• [Given entries]
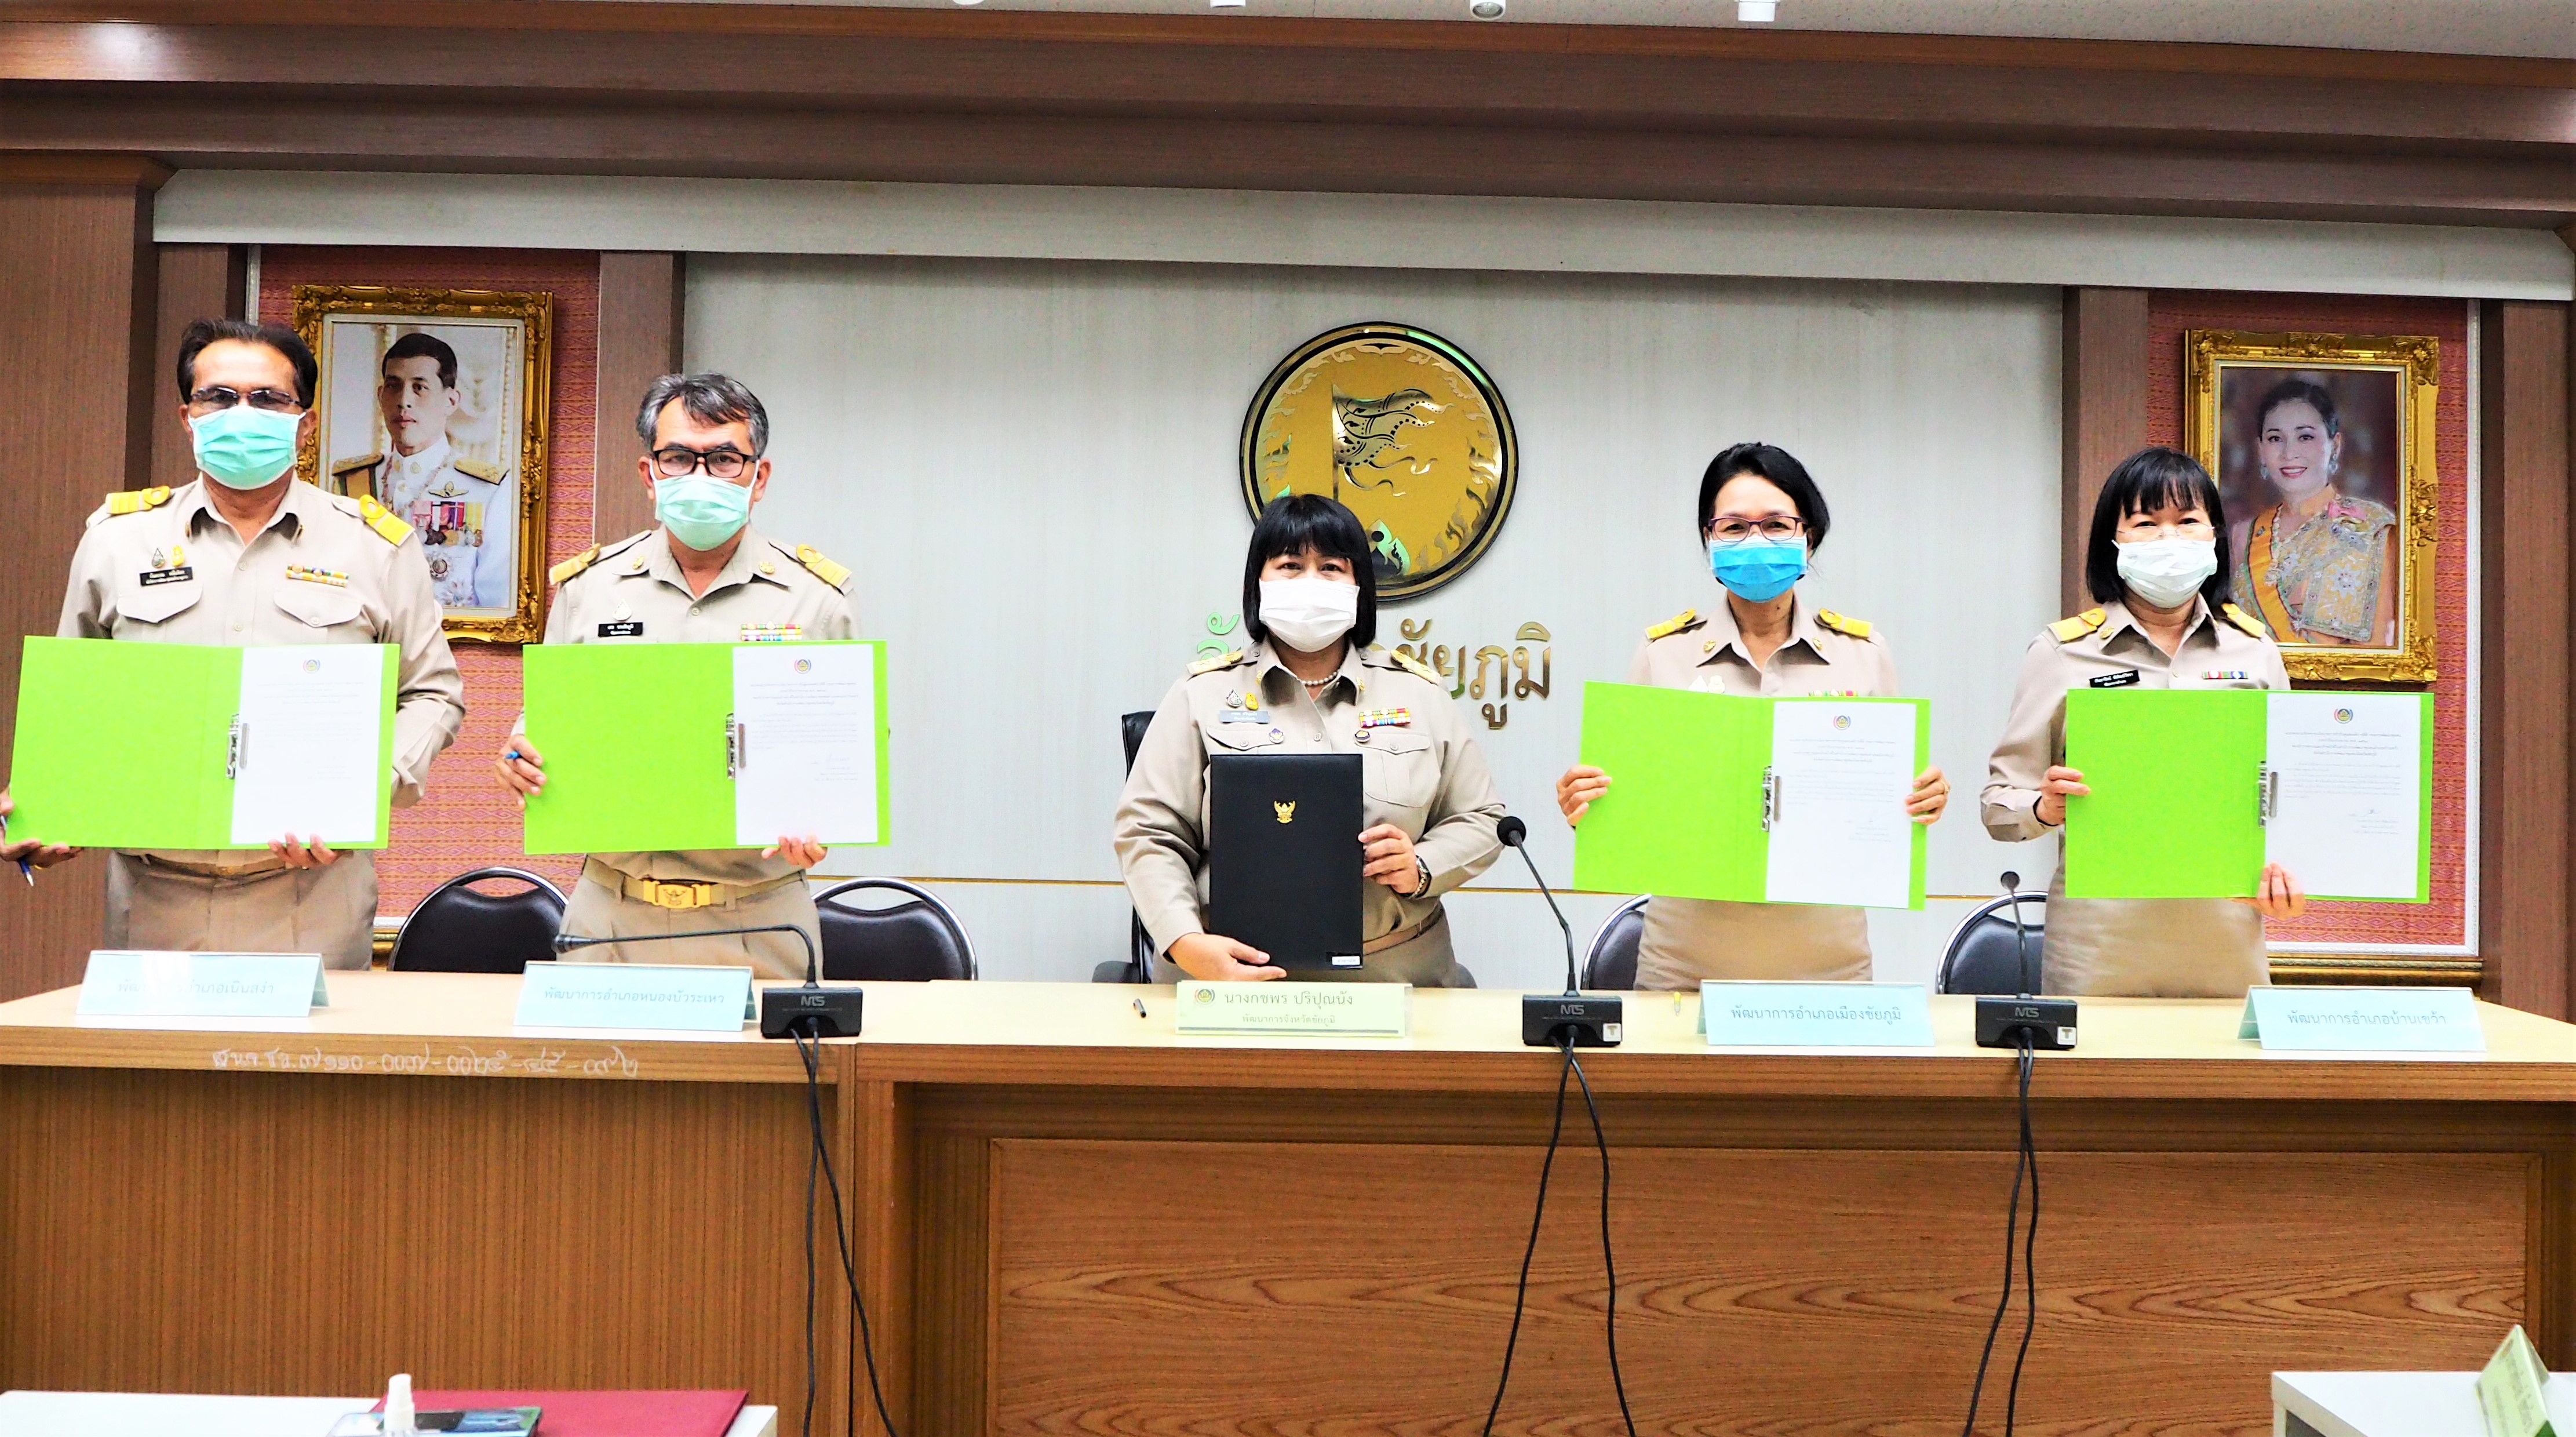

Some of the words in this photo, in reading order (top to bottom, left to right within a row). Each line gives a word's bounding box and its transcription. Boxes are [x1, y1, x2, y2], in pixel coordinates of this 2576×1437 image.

[1730, 1005, 1901, 1025] พัฒนาการอำเภอเมืองชัยภูมิ
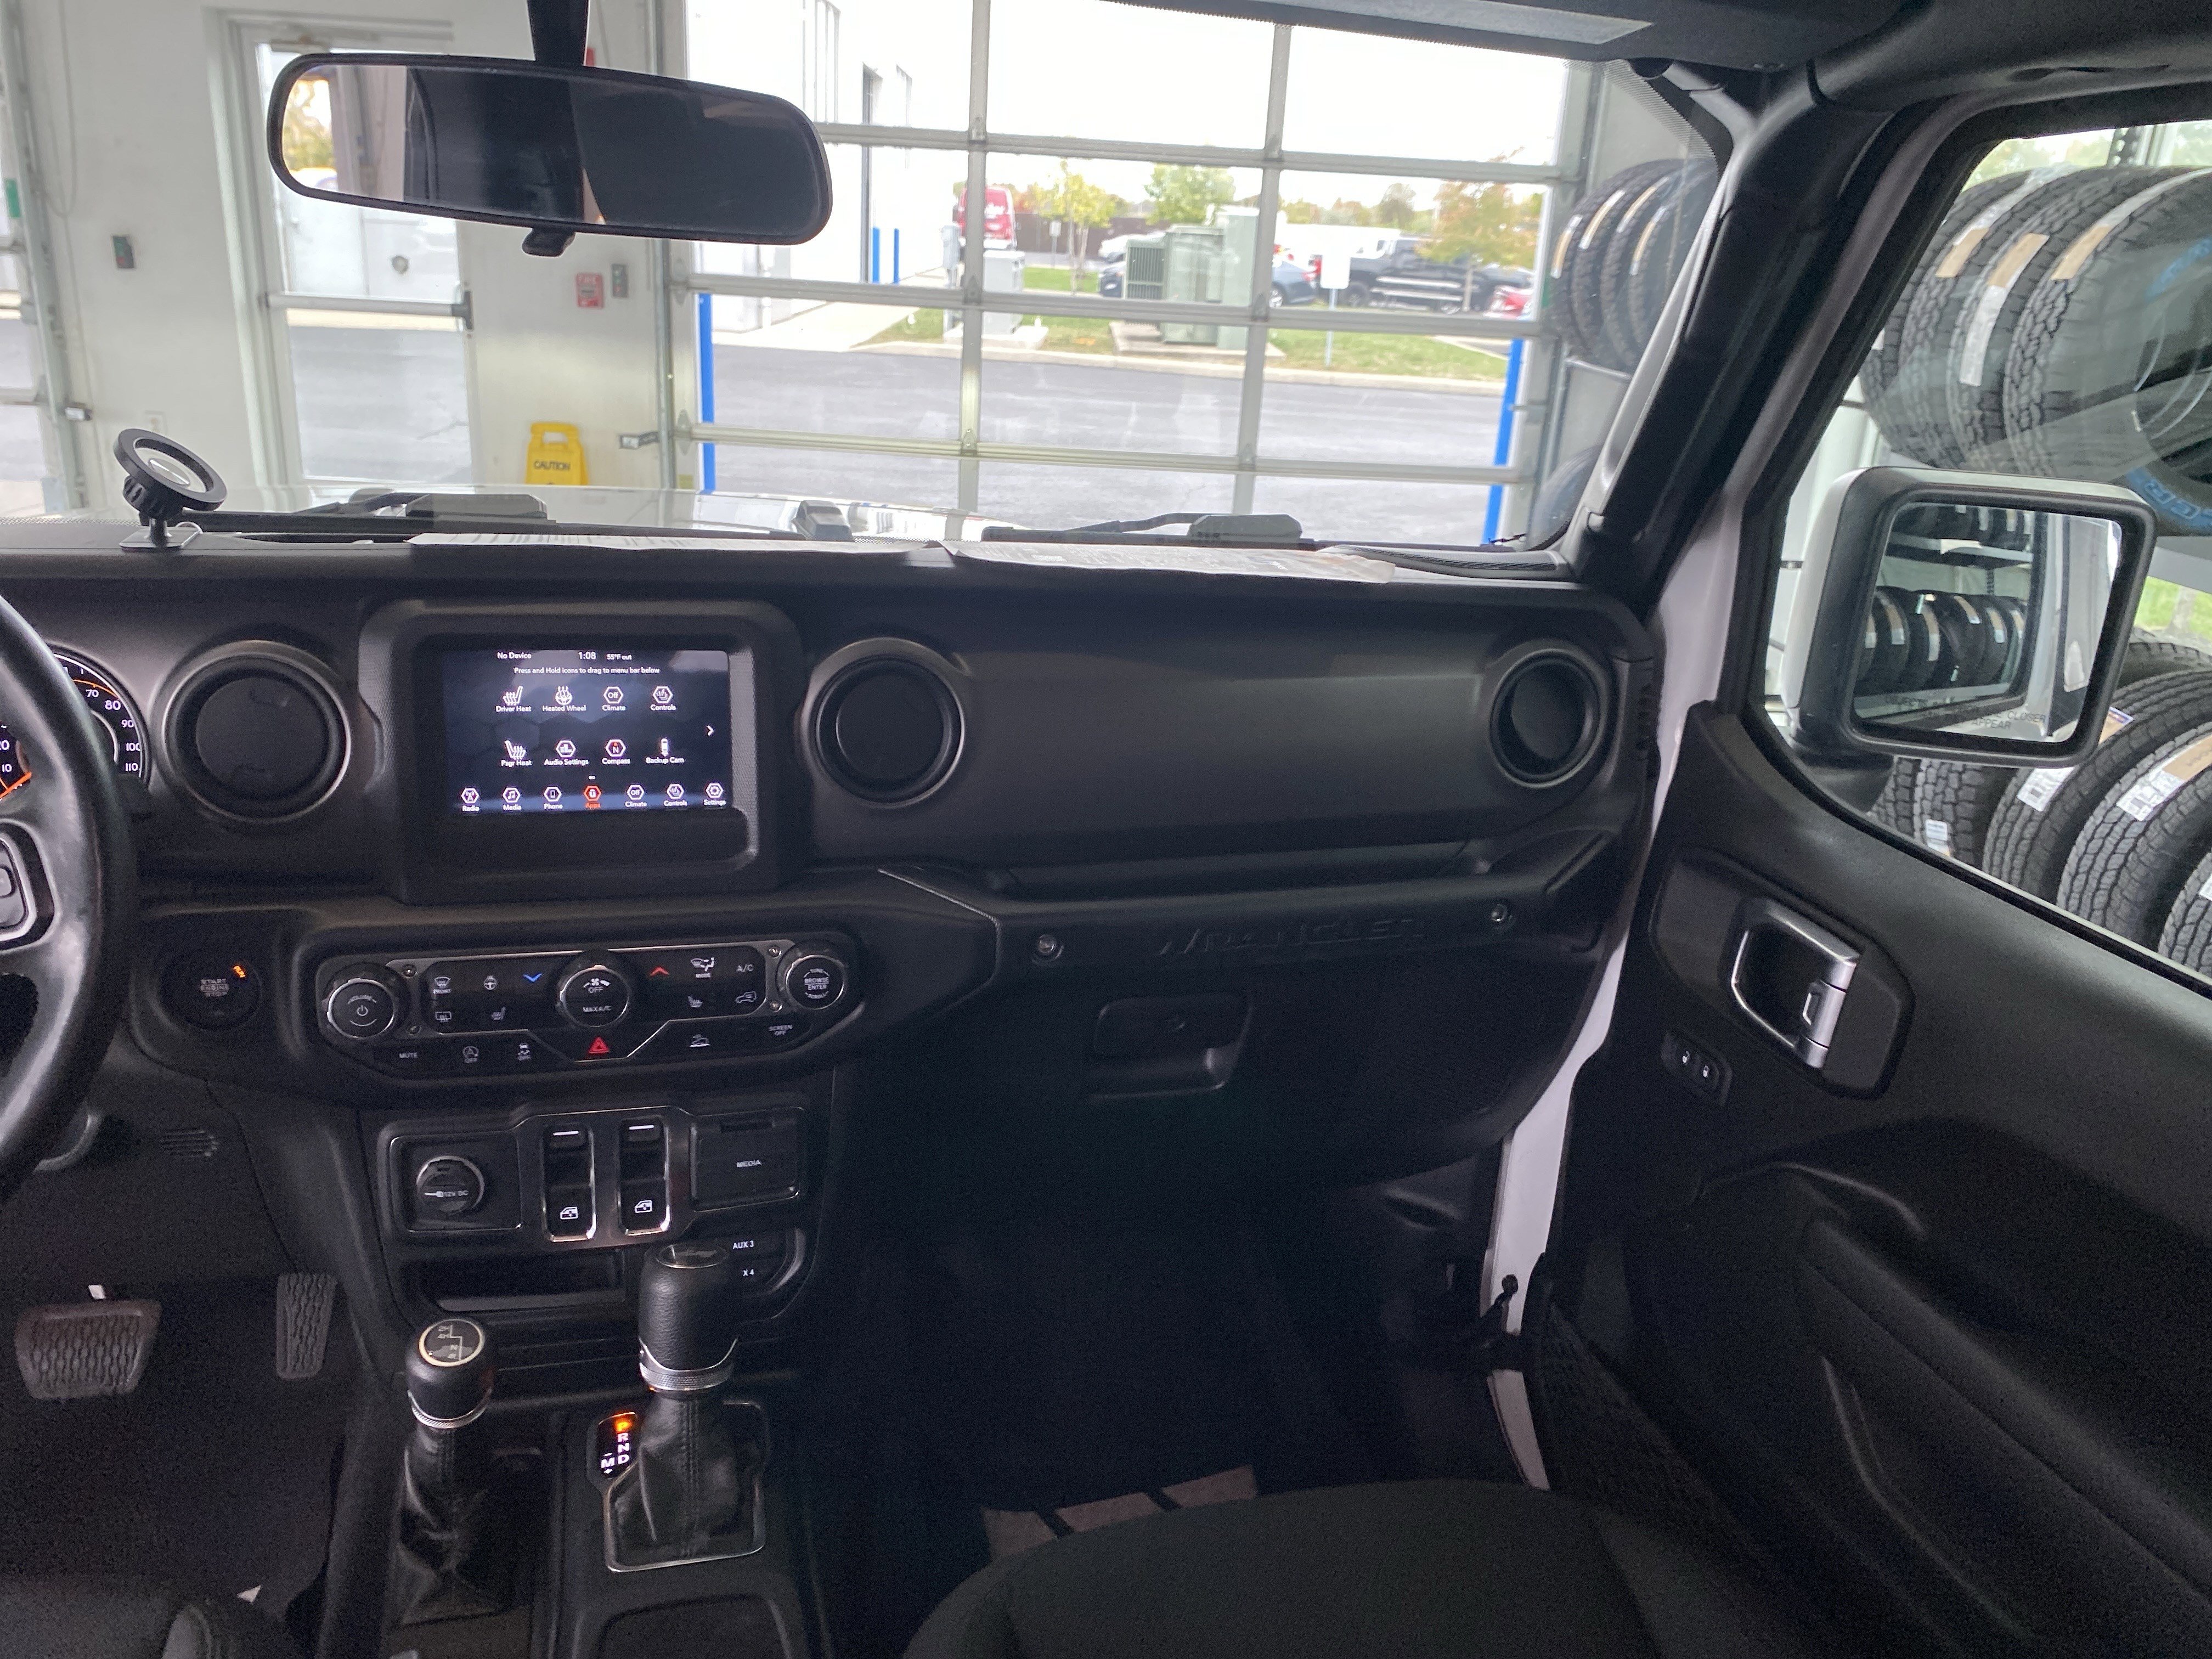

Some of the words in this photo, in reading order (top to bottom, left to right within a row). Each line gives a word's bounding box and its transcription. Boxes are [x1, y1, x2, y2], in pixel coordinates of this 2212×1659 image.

[534, 460, 571, 471] CAUTION
[578, 651, 597, 660] 1:08
[587, 667, 602, 675] drag
[86, 689, 99, 698] 70
[104, 700, 121, 710] 80
[2007, 710, 2046, 723] CLOSER
[121, 719, 134, 728] 90
[1971, 719, 2012, 730] APPEAR
[0, 740, 10, 751] 0
[2, 764, 12, 772] 10
[125, 763, 138, 771] 110
[703, 799, 726, 807] Settings
[737, 964, 754, 973] A/C
[737, 1159, 762, 1168] MEDIA
[732, 1242, 748, 1250] AUX
[617, 1420, 629, 1432] P
[618, 1432, 629, 1442] R
[618, 1442, 630, 1453] N
[601, 1457, 615, 1469] M
[618, 1454, 630, 1464] D

• [Work instructions] Omitting the images, copy the listing exactly.

• [Output]
Some of the words in this photo, in reading order (top to bottom, left to right within a row). Each line gives a word's bounding box and its transcription. Boxes are [x1, y1, x2, y2], in pixel coordinates of this 2576×1437 image.

[1730, 1005, 1901, 1025] พัฒนาการอำเภอเมืองชัยภูมิ

Some of the words in this photo, in reading order (top to bottom, left to right within a row). Each line gives a word's bounding box and its transcription. Boxes are [x1, y1, x2, y2], in pixel coordinates of this 2212×1659 image.

[534, 460, 571, 471] CAUTION
[578, 651, 597, 660] 1:08
[587, 667, 602, 675] drag
[86, 689, 99, 698] 70
[104, 700, 121, 710] 80
[2007, 710, 2046, 723] CLOSER
[121, 719, 134, 728] 90
[1971, 719, 2012, 730] APPEAR
[0, 740, 10, 751] 0
[2, 764, 12, 772] 10
[125, 763, 138, 771] 110
[703, 799, 726, 807] Settings
[737, 964, 754, 973] A/C
[737, 1159, 762, 1168] MEDIA
[732, 1242, 748, 1250] AUX
[617, 1420, 629, 1432] P
[618, 1432, 629, 1442] R
[618, 1442, 630, 1453] N
[601, 1457, 615, 1469] M
[618, 1454, 630, 1464] D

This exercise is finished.